昔ばなし①

美の基準が現在と昔ではまるで違うから、当時の人達には美しい鬼たちの姿はこういう風に映ったのだろうか。

昔話に出てくる鬼は、ほとんど人間を脅かす存在として描かれている。

怪力でこん棒を持って大暴れし、逃げまどう人間を食べたり、痛めつけたりする。


そういえば・・・・・・ふと思い出した。

今はもうなくなってしまったけれど、子供の頃、本棚に鬼の絵本があったっけ。誰かが買ってきたのか、遊びに来た友達が置いていったものなのか分からないけど、いつの間にかわたしの部屋の本棚にあったのだ。



何度か繰り返し読んだ気がする。確か、こんな話だ。

山で道に迷い村にたまたま下りてきた鬼が、一目見た美しい人間の娘を好きになってしまった。山に帰ってからも、鬼はその娘をずっと忘れられなかった。ついに想いを告げるため、村に再びおりていき、娘に会いに行く。しかし、その娘はすでに村の若者と結婚してしまった。怒り狂った鬼は、その娘の夫と娘を頭から食べてしまったという。



子供ながらにこんな酷い話があるのかと憤った記憶がある。その娘も夫も悪い訳ではないのに、頭から食べられてしまうなんて。鬼はかくも恐ろしい生き物なんだと痛感させられた。



・・・・・・あれが本来の鬼の姿だったら?



蓮が帰り際に言った言葉。

自分を見失って、わたしを家に帰したくなくなるって言ってた。

あの時はその言葉の意味を深く考える余裕なんてなかったけど・・・・・・まさか、それってつまり、わたしを食べるつもりだったの?!

急に動悸がしてくる。



じゃもしかしてあのまま一緒にいたら、わたしもガブリと・・・・・・。

ばらばらに手足をもがれて、クリスマスのローストチキンのようにわたしの太ももにかぶりつく蓮を想像する。

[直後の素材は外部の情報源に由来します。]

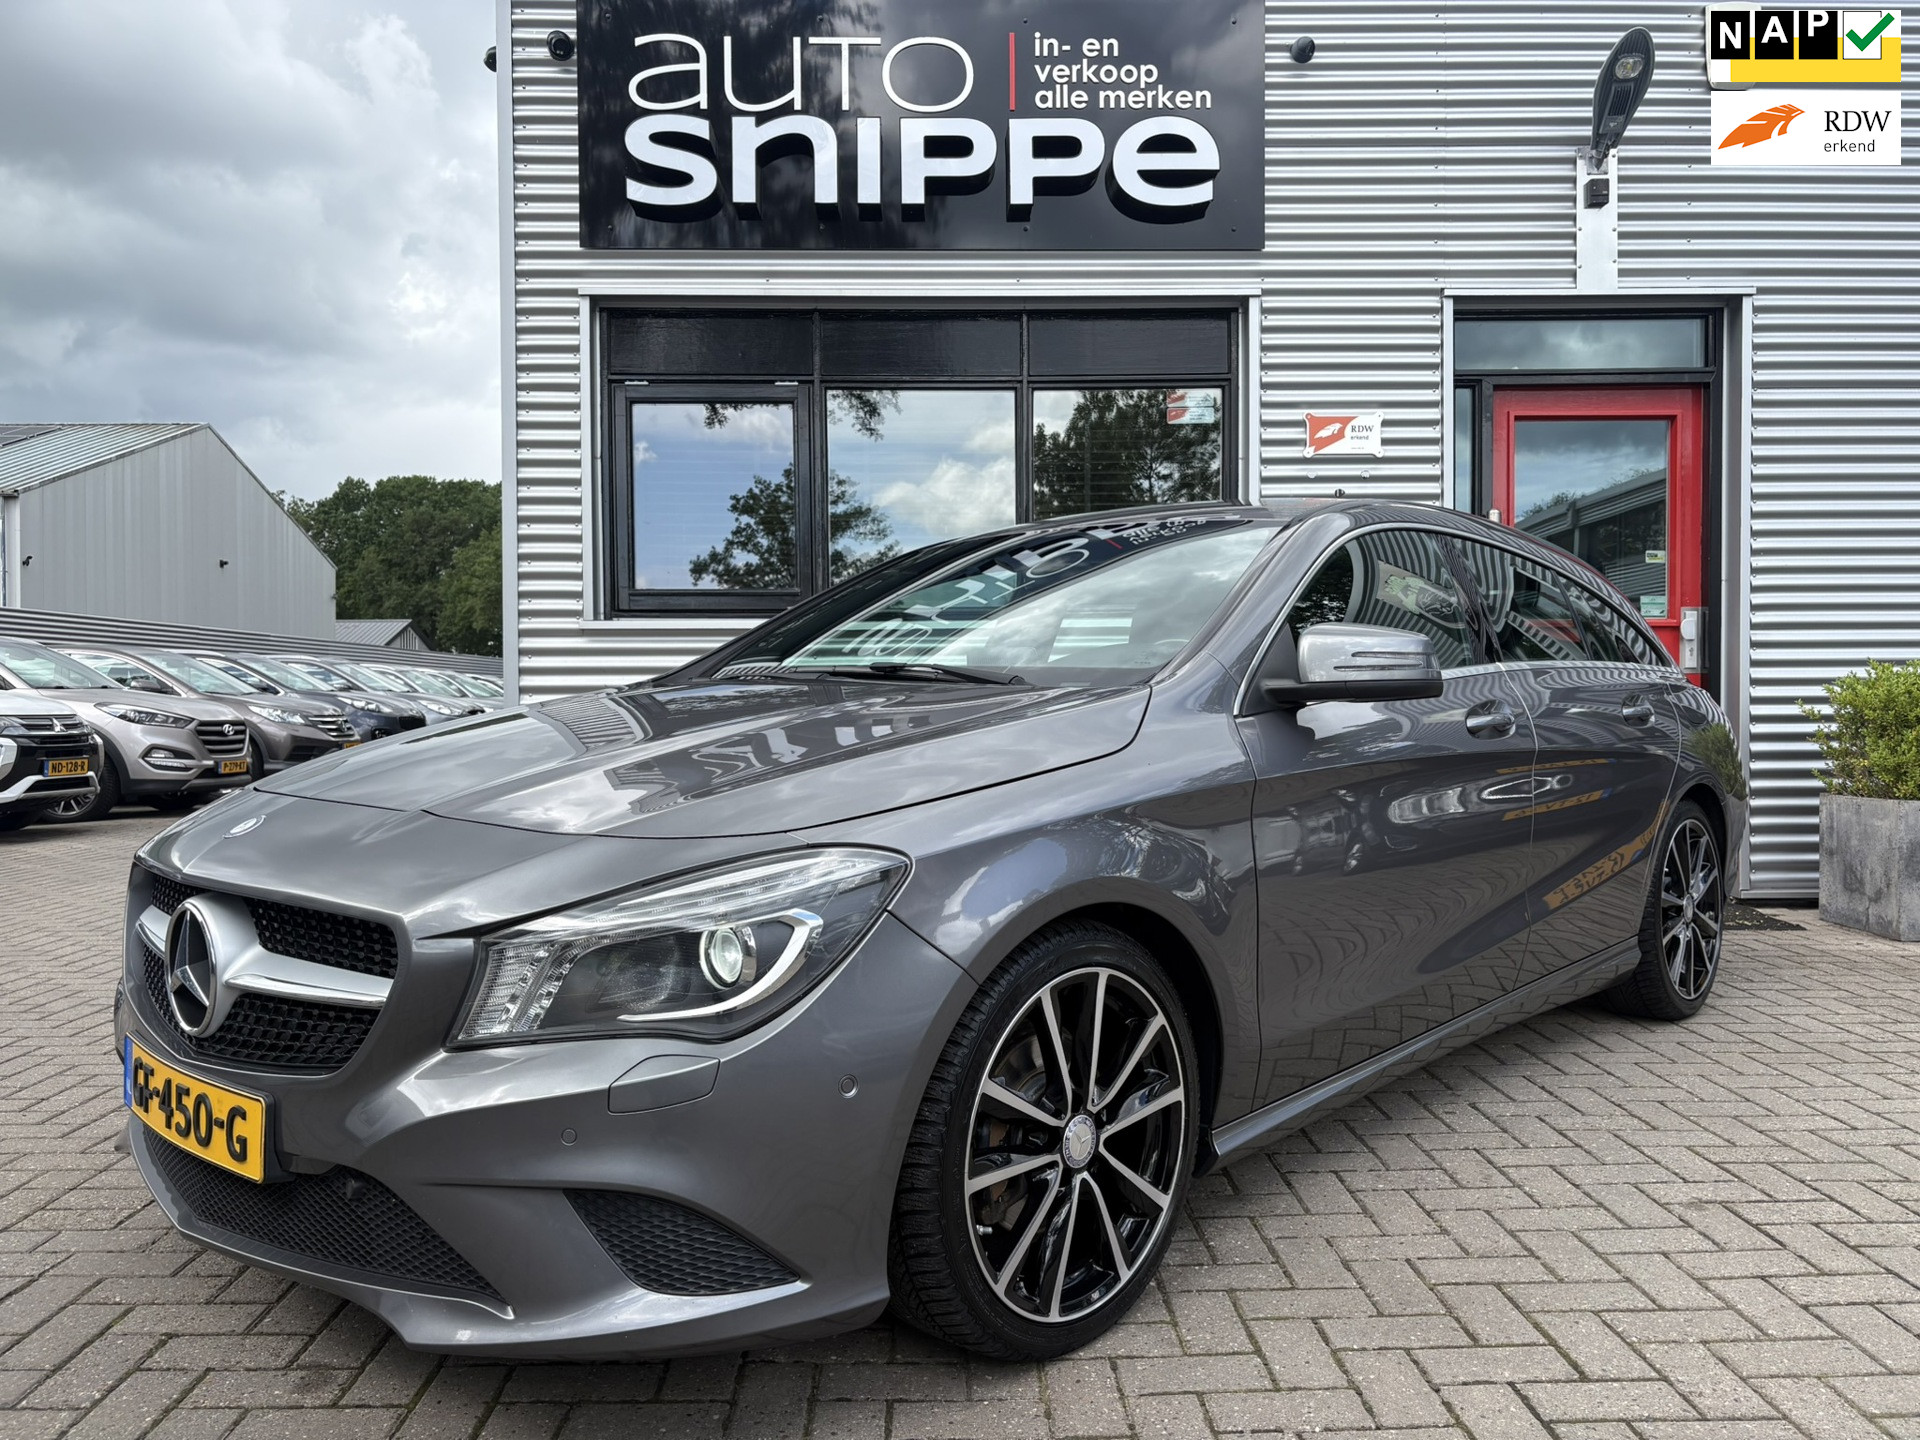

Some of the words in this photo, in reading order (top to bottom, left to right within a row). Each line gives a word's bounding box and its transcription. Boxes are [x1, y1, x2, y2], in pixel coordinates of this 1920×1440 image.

[1033, 32, 1071, 58] in-
[1083, 37, 1119, 58] en
[1034, 58, 1159, 89] verkoop
[1034, 84, 1089, 109] alle
[1099, 84, 1212, 109] merken
[51, 761, 86, 774] ND-128-R
[133, 1056, 248, 1162] GF-450-G
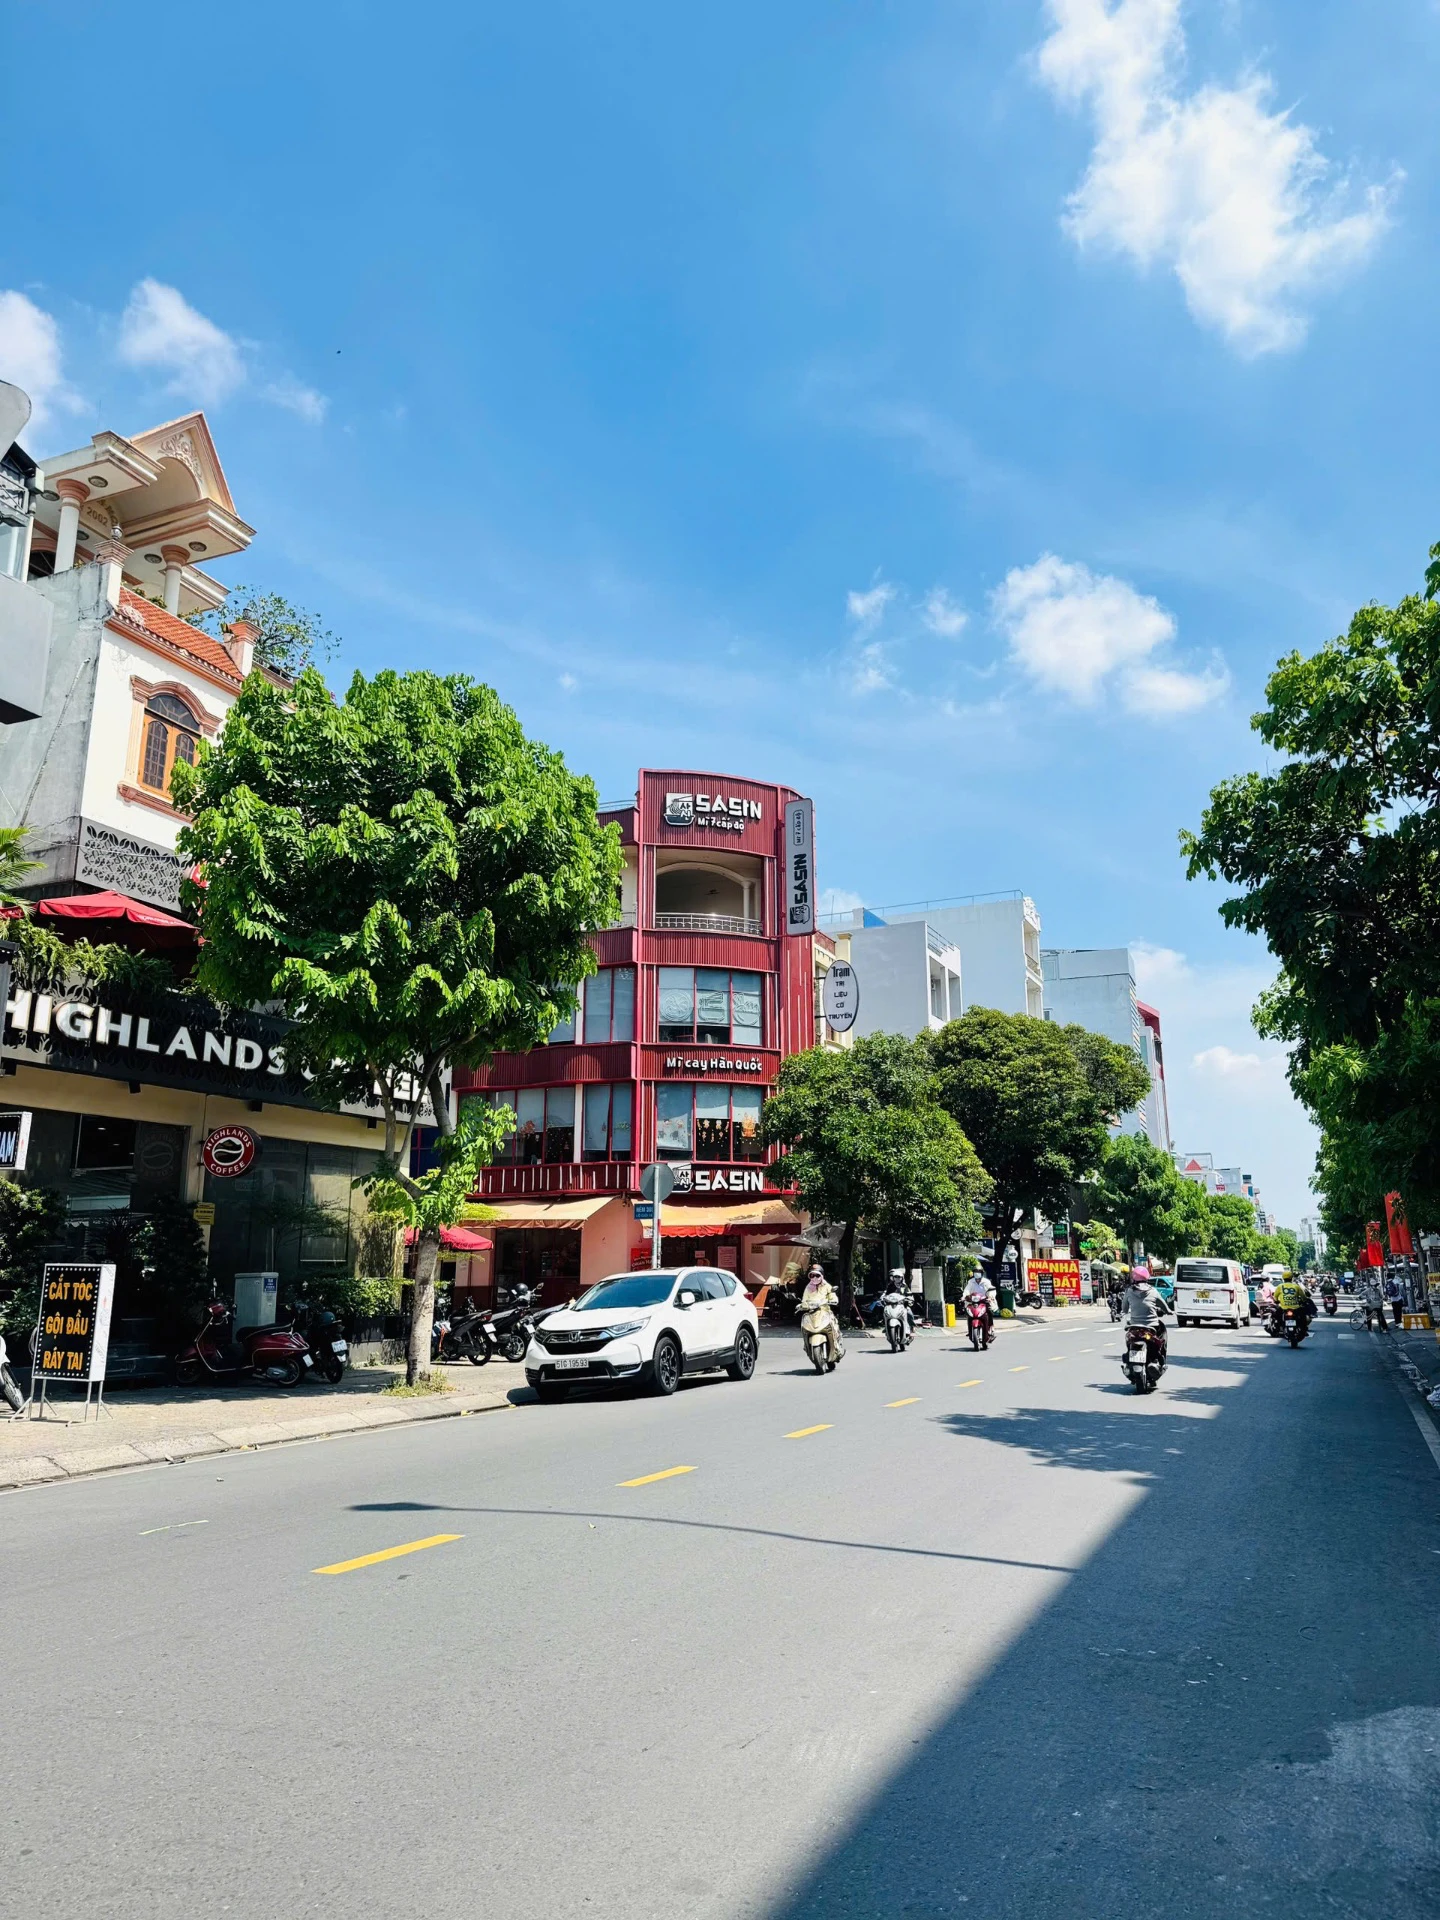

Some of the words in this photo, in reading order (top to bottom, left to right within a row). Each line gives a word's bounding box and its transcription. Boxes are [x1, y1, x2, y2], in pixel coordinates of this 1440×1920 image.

[86, 506, 108, 527] 2002
[695, 793, 762, 819] SASIN
[698, 816, 710, 826] Mì
[710, 816, 716, 826] 7
[716, 816, 732, 830] cấp
[734, 819, 744, 833] độ
[794, 854, 808, 904] SASIN
[5, 988, 288, 1076] HIGHLANDS
[666, 1056, 683, 1068] Mì
[685, 1060, 708, 1070] cay
[710, 1056, 733, 1068] Hàn
[735, 1057, 762, 1070] Quốc
[206, 1128, 252, 1150] HIGHLANDS
[210, 1160, 246, 1174] COFFEE
[695, 1170, 764, 1191] SASIN
[1028, 1260, 1048, 1269] NHÀ
[1048, 1260, 1078, 1273] NHÀ
[48, 1273, 70, 1300] CẮT
[72, 1278, 92, 1300] TÓC
[1053, 1274, 1078, 1288] ĐẤT
[46, 1312, 64, 1340] GỘI
[42, 1346, 64, 1370] RÁY
[67, 1352, 83, 1370] TAI
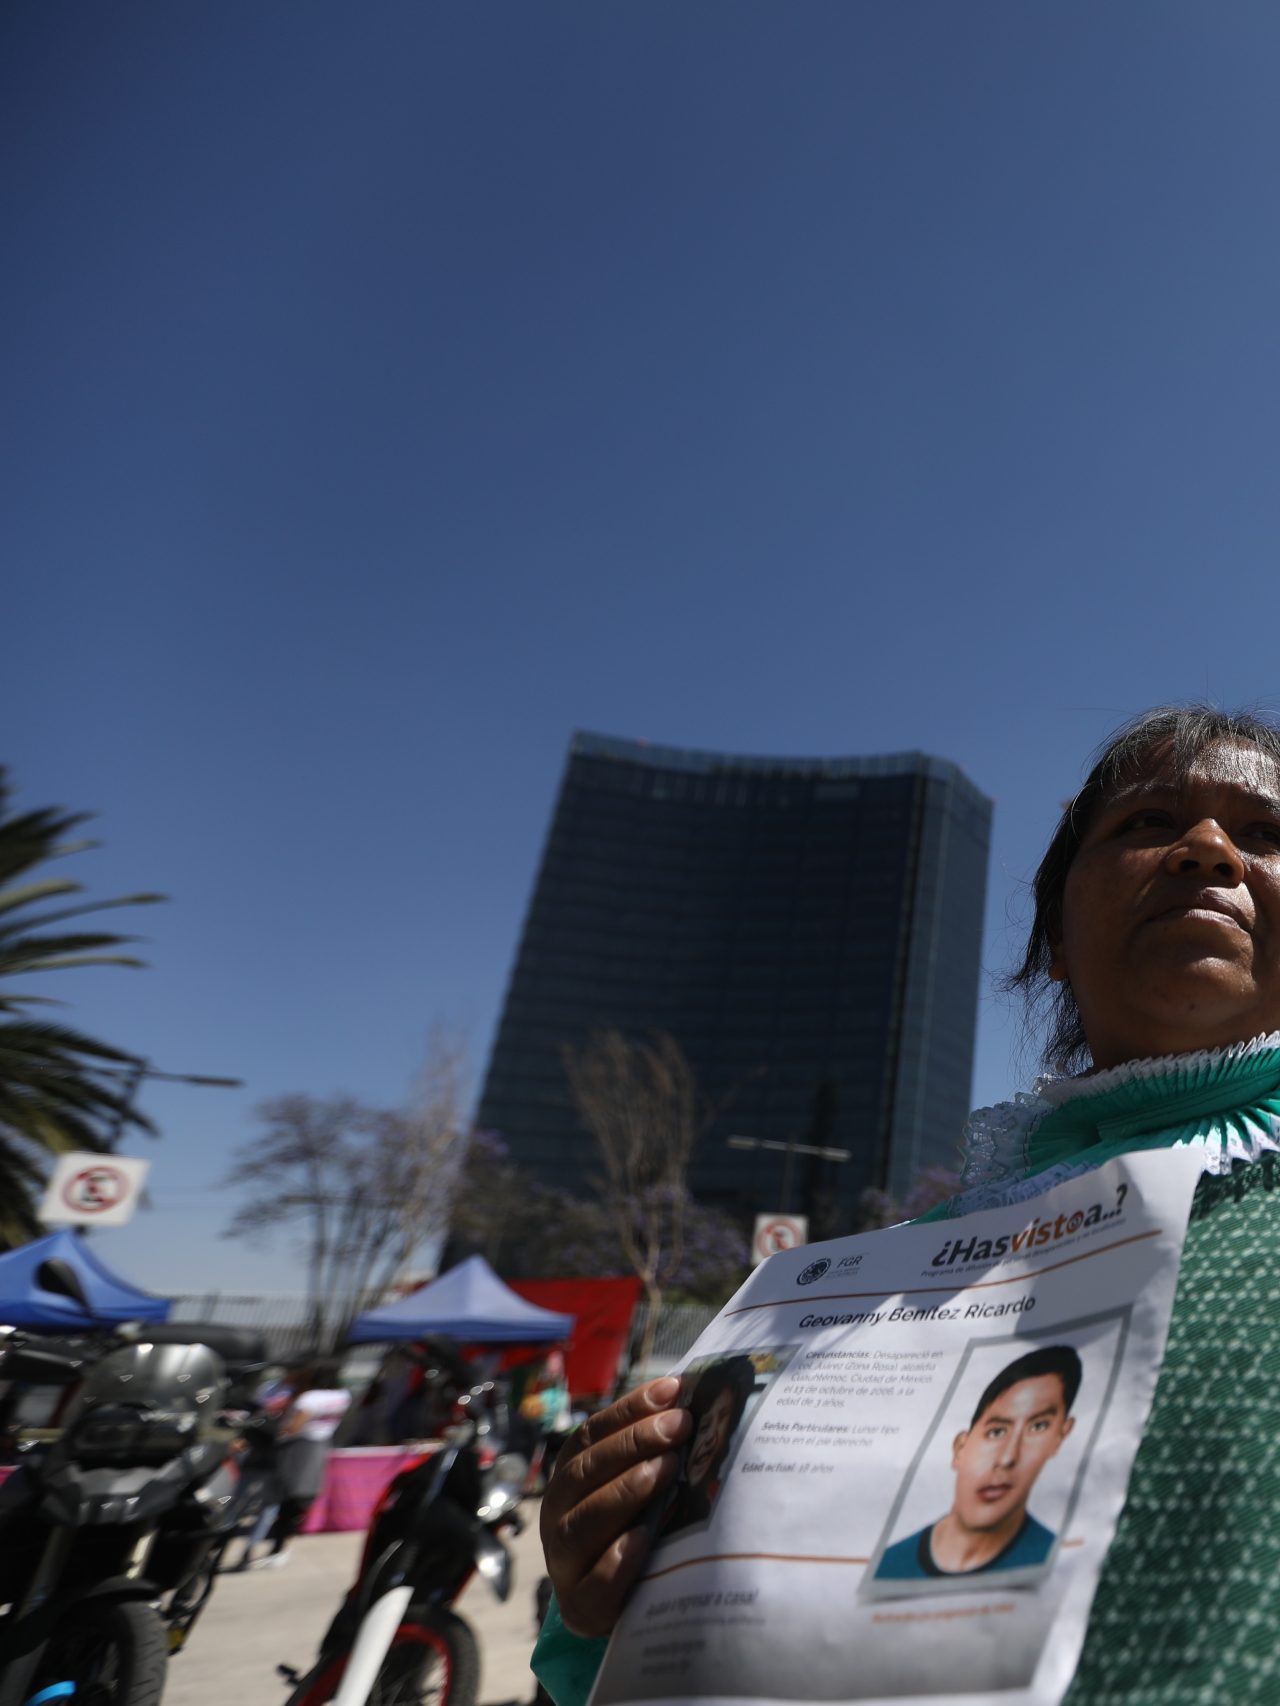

その美しい唇からは鮮血が滴り・・・・・・身震いした。



頭を振って恐ろしい想像を振り払う。

とにかく、蓮の存在はわたしの理解と常識をはるかに超えていた。

実際に見たこと、あったこと、頭ではきちんと理解しているつもり。

だけど心はそう簡単にはいかない。まだ混乱している。



太鼓の昔から鬼が存在していた。そして現代にも。

四百年前から生きてきた、と蓮は言っていた。わたしが生まれるずっと前から、今、地球上にいる人達が誰も知らない世界を、蓮は──、鬼達は知ってるのだ。

仮に凄く長生きして、わたしが百歳まで生きるとして、それの四回分だ。

気が遠くなりそうな時間。


・・・・・・蓮の、側にいてくれる人はいたのかな。


そんなに長い間生きてきたのだから、もちろんいたとしてもおかしくはない。

蓮と同じように、強くしなやかな身体を持つ美しい鬼が、隣に優しく寄り添う姿を想像して、胸がずきんと痛む。

いたのか分からない誰かにやきもちやいたって仕方ないのに。

それでも、心のどこかでそんな人がいてくれてたらなとも思う。

そうじゃなければ、きっと孤独だもの。

家族ともいつも一緒にいられないし、目立たず、人間の目から隠れるようにして生きなければならないなんて。そんな蓮の姿を考えるのは辛い。



他のことを想像してみる。

例えばどこで生まれて、どんな物を食べて、誰と過ごして大きくなったのか。

信頼できる友達はいた?

毎日をどんなふうに過ごしていた? 

わたし達、人間のことをどう思っていた? 憎かった? 

学校に通って勉強したりした?

鬼の世界にも皇族や身分の高い鬼もいる?



答えの出ない疑問は尽きることなく、次々と頭に浮かんでくる。

結局、朝まで一睡もできなかった。